**THE DATA**
◆ ◆ ◆

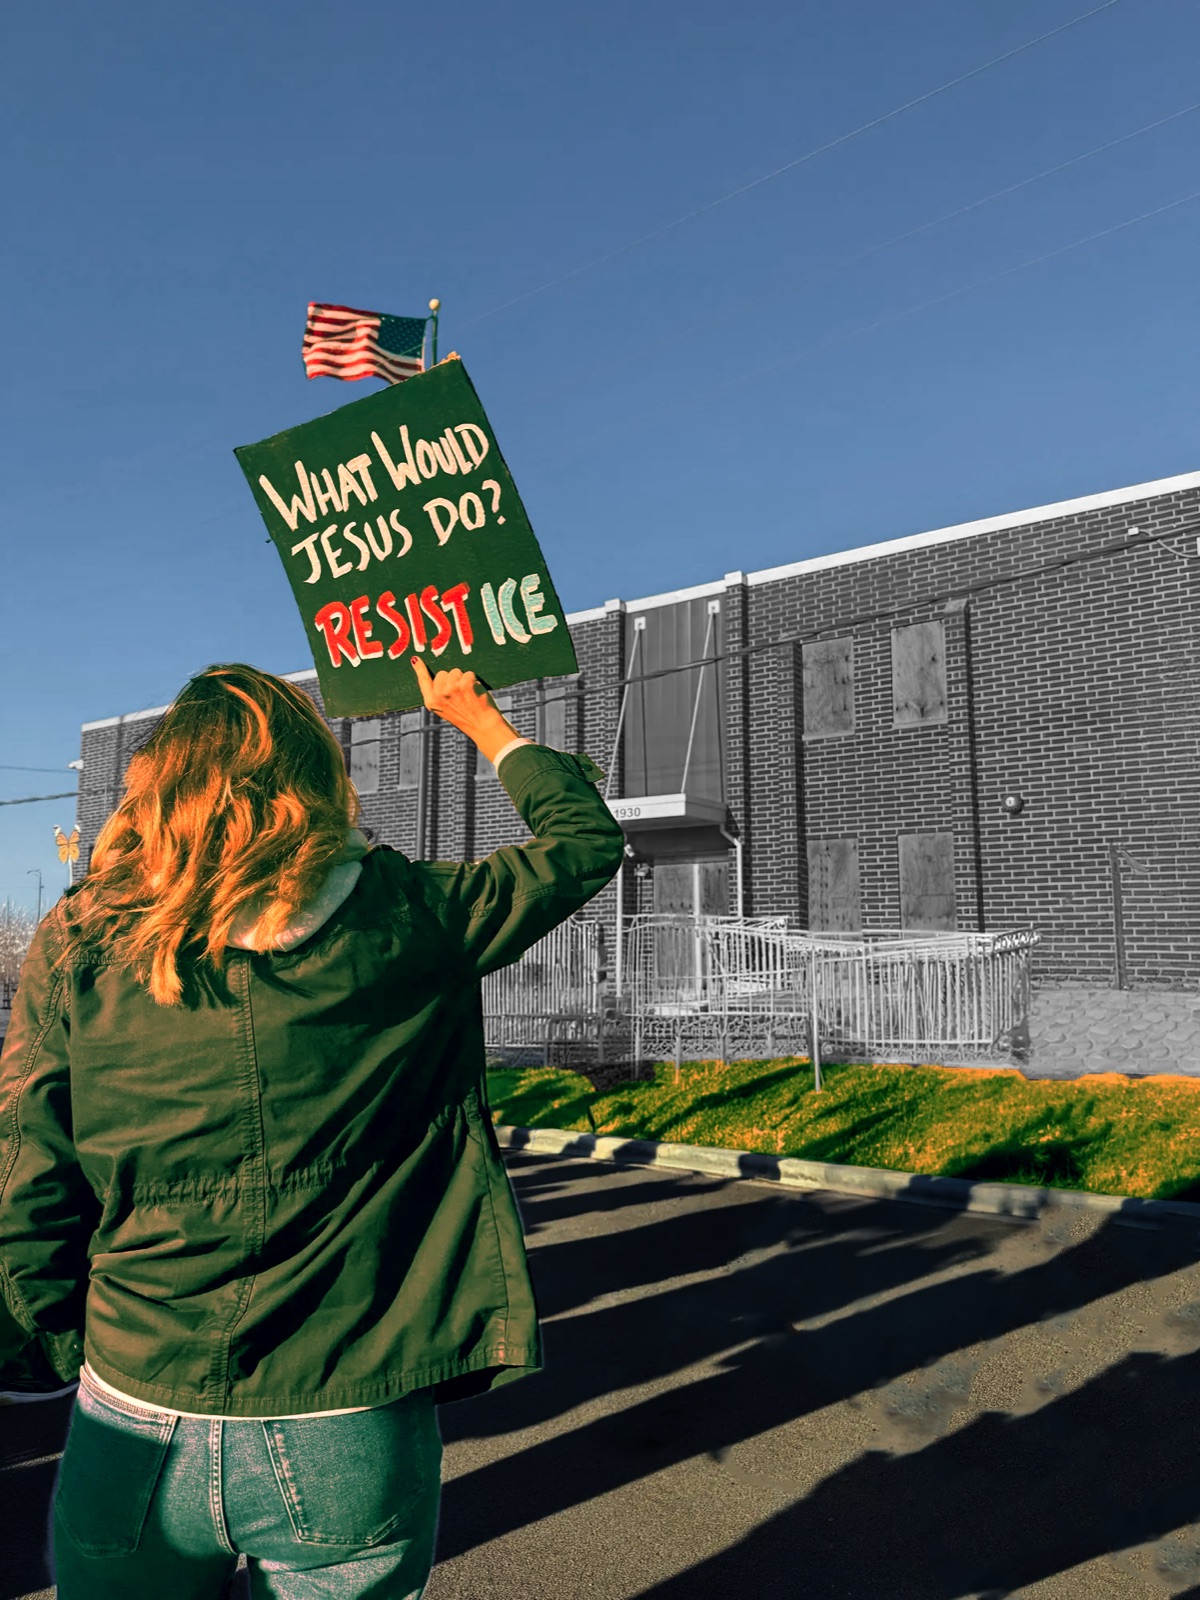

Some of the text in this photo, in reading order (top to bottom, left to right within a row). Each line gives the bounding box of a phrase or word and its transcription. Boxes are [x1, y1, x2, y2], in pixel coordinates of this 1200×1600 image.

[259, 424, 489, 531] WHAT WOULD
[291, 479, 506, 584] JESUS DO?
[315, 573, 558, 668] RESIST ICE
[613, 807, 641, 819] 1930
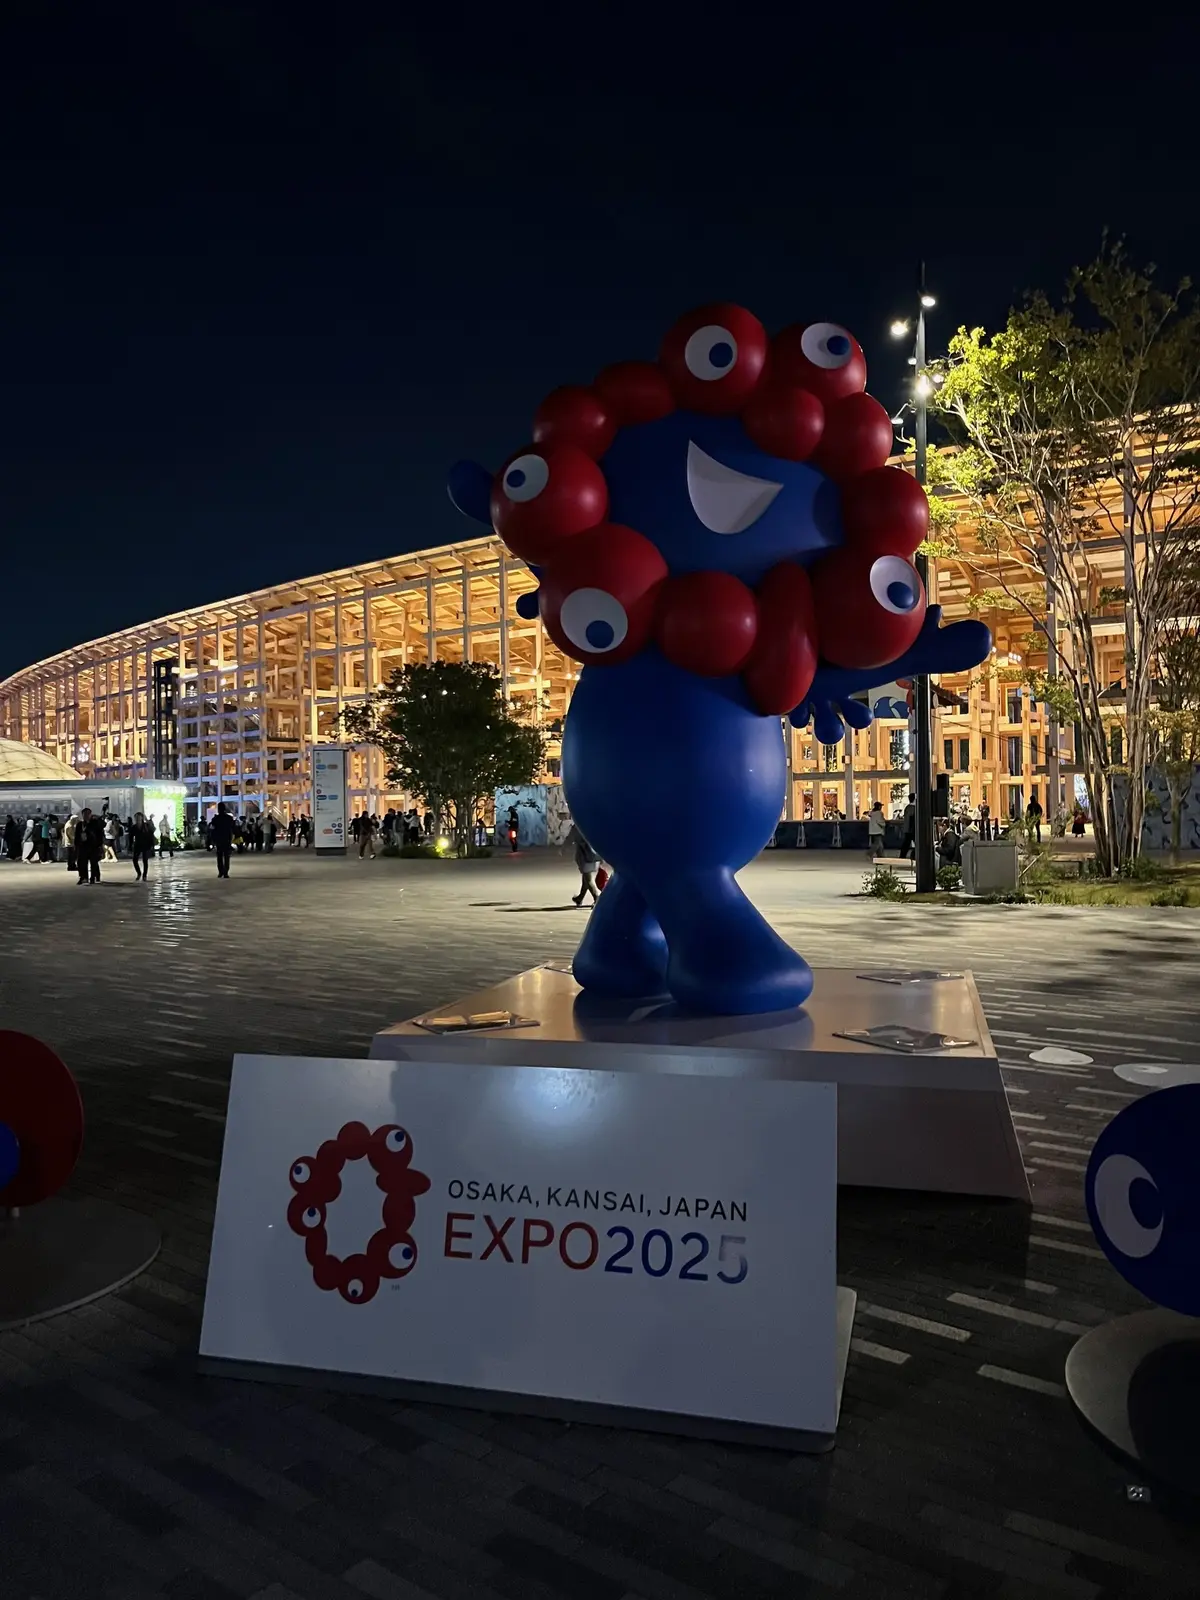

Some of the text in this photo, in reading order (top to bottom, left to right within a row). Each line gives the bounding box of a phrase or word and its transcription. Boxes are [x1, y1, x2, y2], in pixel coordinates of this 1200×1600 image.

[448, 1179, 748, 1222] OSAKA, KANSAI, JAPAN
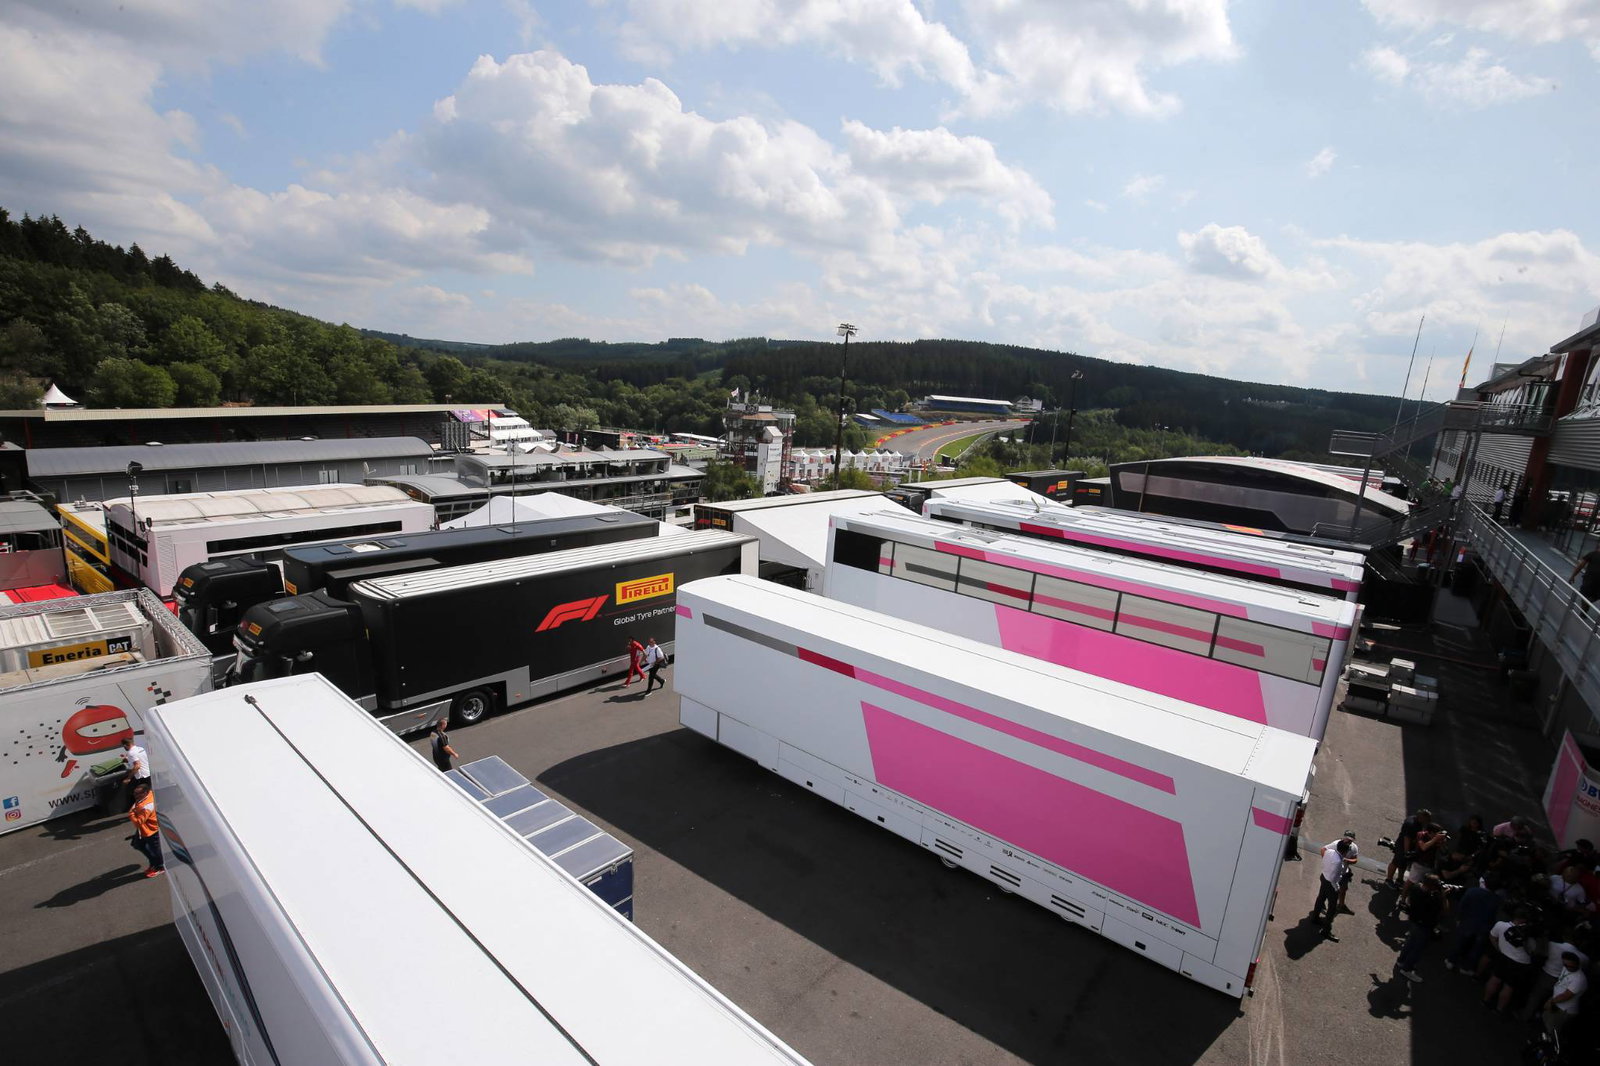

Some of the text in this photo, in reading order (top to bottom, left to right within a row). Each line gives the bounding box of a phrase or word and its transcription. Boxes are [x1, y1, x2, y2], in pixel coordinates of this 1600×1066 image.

◆ ◆ ◆

**AIM OF THE TASK**
Excluding pictures, print all lines above exactly.

**RESULT FOR THIS EXERCISE**
Some of the text in this photo, in reading order (top to bottom, left to right within a row). Each line gives the bounding box of a phrase or word and its transcription. Boxes are [x1, y1, x2, y2], in pixel coordinates of this 1200×1600 image.

[259, 424, 489, 531] WHAT WOULD
[291, 479, 506, 584] JESUS DO?
[315, 573, 558, 668] RESIST ICE
[613, 807, 641, 819] 1930

Some of the text in this photo, in reading order (top to bottom, left to right within a row). Each line gives the bounding box of a phrase or word and its transcription. Boxes are [x1, y1, x2, y2], in pixel coordinates of this 1200×1600 image.

[448, 1179, 748, 1222] OSAKA, KANSAI, JAPAN

Some of the text in this photo, in reading order (top to bottom, left to right within a row). Each line gives the bounding box of a phrase or word and its transcription. Boxes are [x1, y1, x2, y2], in pixel coordinates of this 1600×1066 image.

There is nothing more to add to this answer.